___ Provided data

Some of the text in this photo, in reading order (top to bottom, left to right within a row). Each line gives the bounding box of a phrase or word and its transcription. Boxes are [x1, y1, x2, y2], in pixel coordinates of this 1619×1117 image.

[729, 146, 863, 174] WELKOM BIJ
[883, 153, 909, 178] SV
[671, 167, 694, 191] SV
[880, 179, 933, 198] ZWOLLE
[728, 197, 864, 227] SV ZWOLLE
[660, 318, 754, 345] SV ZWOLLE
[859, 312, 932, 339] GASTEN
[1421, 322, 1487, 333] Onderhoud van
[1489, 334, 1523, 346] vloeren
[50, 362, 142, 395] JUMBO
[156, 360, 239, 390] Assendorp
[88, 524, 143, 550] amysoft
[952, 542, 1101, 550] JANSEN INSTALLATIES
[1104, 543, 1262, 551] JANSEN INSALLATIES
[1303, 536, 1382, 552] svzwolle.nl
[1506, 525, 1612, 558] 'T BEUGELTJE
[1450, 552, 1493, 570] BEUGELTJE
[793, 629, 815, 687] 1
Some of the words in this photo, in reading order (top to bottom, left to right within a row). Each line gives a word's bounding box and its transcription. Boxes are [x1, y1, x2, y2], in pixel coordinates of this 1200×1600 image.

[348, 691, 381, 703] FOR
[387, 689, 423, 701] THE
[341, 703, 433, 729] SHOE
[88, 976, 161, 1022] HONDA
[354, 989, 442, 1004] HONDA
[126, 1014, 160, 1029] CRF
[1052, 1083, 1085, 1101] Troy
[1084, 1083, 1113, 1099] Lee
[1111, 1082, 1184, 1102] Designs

______

(What the task requires):
Repeat the entries word for word. Skip none of them.

(Result of the task):
Some of the text in this photo, in reading order (top to bottom, left to right within a row). Each line gives the bounding box of a phrase or word and its transcription. Boxes are [x1, y1, x2, y2], in pixel coordinates of this 1619×1117 image.

[729, 146, 863, 174] WELKOM BIJ
[883, 153, 909, 178] SV
[671, 167, 694, 191] SV
[880, 179, 933, 198] ZWOLLE
[728, 197, 864, 227] SV ZWOLLE
[660, 318, 754, 345] SV ZWOLLE
[859, 312, 932, 339] GASTEN
[1421, 322, 1487, 333] Onderhoud van
[1489, 334, 1523, 346] vloeren
[50, 362, 142, 395] JUMBO
[156, 360, 239, 390] Assendorp
[88, 524, 143, 550] amysoft
[952, 542, 1101, 550] JANSEN INSTALLATIES
[1104, 543, 1262, 551] JANSEN INSALLATIES
[1303, 536, 1382, 552] svzwolle.nl
[1506, 525, 1612, 558] 'T BEUGELTJE
[1450, 552, 1493, 570] BEUGELTJE
[793, 629, 815, 687] 1
Some of the words in this photo, in reading order (top to bottom, left to right within a row). Each line gives a word's bounding box and its transcription. Boxes are [x1, y1, x2, y2], in pixel coordinates of this 1200×1600 image.

[348, 691, 381, 703] FOR
[387, 689, 423, 701] THE
[341, 703, 433, 729] SHOE
[88, 976, 161, 1022] HONDA
[354, 989, 442, 1004] HONDA
[126, 1014, 160, 1029] CRF
[1052, 1083, 1085, 1101] Troy
[1084, 1083, 1113, 1099] Lee
[1111, 1082, 1184, 1102] Designs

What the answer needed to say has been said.